I am reluctant to allow the decompiler to influence my judgment about the meaning of variables. `streamPos` is not equivalent to `end`. Consider the issue multiplied by 20 or 100 as many incorrect assumptions, and it would severel cloud your understanding of the decompiled code.
Combining this with reasoning models that can justify their labels would be very helpful. UX improvements could also be made to indicate confidence or progressively disclose these assumptions.
> If you’ve ever talked to me in person, you’d know that I’m a disbeliever of AI replacing decompilers any time soon
Decompilation, seen as a translation problem, is by any means a job that suits AI methods. Give time to researchers to gather enough mappings between source code and machine code, get used to training large predictive models, and you shall see top notch decompilers that beat all engineered methods.
My first priority for a decompiler is that the output is (mostly) correct. (I say mostly because there's lots of little niggling behavior you probably want to ignore, like representing a shift instruction as `a << b` over `a << (b & 0x1f)`). When the decompiler's output is incorrect, I can't trust it anymore, and I'm going to go straight back to the disassembly because I need to work with the correct output. And AI--especially LLMs--are notoriously bad at the "correct" part of translation.
If you look at decompilation as a multistep problem, the main steps are a) identify the function/data symbol boundaries, b) lift the functions to IR, c) recover type information (including calling convention for functions), d) recover high-level control flow, and e) recover variable names.
For step b, correctness is so critical that I'm wary of even trusting hand-generated tables for disassembly, since it's way too easy for someone to copy something by hand. But on the other hand, this is something that can be machine-generated with something that is provably correct (see, e.g., https://cs.stanford.edu/people/eschkufz/docs/pldi_16.pdf). Sure, there's also a further step for recognizing higher-level patterns like manually-implemented-bswap, but that's basically "implement a peephole optimizer," and the state of the art for compilers these days is to use formally verifiable techniques for doing that.

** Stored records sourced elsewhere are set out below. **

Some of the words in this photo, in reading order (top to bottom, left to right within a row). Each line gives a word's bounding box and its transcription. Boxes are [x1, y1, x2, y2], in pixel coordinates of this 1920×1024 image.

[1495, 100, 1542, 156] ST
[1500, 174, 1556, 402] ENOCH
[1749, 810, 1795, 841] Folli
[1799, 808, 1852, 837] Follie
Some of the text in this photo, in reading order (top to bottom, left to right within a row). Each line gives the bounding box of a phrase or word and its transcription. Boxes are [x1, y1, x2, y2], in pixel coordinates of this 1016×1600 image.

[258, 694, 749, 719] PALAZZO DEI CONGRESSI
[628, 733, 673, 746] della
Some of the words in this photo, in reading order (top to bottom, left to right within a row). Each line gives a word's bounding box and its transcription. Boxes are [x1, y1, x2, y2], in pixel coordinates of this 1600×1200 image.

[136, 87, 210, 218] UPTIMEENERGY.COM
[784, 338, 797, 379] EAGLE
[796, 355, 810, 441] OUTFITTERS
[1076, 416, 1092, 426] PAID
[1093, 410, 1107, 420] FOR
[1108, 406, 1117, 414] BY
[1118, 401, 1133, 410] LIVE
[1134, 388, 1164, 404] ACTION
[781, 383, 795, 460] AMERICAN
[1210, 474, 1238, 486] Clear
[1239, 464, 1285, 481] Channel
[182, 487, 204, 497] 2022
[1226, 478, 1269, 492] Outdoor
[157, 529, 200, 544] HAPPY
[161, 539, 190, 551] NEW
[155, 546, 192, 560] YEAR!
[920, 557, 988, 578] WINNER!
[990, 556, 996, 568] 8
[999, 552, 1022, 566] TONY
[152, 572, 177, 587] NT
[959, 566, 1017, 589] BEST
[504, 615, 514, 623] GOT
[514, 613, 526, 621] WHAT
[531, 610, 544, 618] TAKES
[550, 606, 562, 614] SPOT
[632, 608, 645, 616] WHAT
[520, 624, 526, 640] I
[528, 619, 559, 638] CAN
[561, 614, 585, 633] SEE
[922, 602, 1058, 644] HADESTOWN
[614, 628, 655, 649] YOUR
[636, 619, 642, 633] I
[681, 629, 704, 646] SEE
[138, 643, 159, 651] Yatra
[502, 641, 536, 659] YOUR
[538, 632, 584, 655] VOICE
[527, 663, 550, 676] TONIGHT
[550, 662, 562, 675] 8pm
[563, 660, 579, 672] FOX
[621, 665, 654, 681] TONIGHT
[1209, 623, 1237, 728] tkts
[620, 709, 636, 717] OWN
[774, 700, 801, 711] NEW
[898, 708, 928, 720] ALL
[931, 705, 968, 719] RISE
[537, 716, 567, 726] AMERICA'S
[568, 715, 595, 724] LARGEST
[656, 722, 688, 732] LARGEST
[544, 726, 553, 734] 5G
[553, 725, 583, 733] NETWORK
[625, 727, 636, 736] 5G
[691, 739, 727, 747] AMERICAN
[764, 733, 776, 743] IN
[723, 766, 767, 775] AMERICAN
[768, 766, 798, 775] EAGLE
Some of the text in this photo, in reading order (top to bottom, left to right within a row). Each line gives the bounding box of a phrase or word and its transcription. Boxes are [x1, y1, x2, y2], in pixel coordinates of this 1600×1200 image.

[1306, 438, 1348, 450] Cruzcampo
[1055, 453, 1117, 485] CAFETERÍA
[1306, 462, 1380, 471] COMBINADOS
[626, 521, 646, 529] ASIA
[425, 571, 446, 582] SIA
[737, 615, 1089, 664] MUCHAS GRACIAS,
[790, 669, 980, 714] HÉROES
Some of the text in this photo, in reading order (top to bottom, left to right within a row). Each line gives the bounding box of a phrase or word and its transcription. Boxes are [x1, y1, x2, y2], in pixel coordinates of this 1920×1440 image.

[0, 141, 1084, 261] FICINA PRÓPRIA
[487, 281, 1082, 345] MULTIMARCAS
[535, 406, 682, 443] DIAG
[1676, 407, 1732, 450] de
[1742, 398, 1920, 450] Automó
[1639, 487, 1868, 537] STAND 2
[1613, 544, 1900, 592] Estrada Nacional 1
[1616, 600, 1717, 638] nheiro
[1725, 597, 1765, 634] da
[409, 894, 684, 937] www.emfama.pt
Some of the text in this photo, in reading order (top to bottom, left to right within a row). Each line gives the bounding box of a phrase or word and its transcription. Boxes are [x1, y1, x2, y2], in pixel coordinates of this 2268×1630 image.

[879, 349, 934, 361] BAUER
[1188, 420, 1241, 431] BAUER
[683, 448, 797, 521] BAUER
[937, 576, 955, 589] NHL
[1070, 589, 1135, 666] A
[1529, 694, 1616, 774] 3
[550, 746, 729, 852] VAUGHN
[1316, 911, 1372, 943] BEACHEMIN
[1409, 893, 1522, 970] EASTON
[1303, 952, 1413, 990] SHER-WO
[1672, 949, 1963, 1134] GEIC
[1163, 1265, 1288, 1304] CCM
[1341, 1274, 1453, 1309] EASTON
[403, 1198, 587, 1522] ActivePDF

For a lot of the other problems, if you instead categorize them as things where the AI being wrong doesn't make it incorrect, AI can be a valuable tool. For example, control flow structuring can be envisioned as identifying which branches are gotos (including breaks/continues/early returns), since a CFG that has no gotos is pretty trivial to structure. So if your actual AI portion is a heuristic engine for working that out, it's never going to generate wrong code, just unnecessarily complicated code.
I agree with many other sentiments here that if it can replace decompilers, then surely it can replace compilers... which feels unlikely soon. So far, I've seen four end-to-end binary-to-code AI approaches, and none have had convincing results. Even those that crawled all of GitHub continue to have issues of making fake code, not understanding math, omitting portions of code, and (a personal irritant for me) being unable to map what address a line of decompilation came from.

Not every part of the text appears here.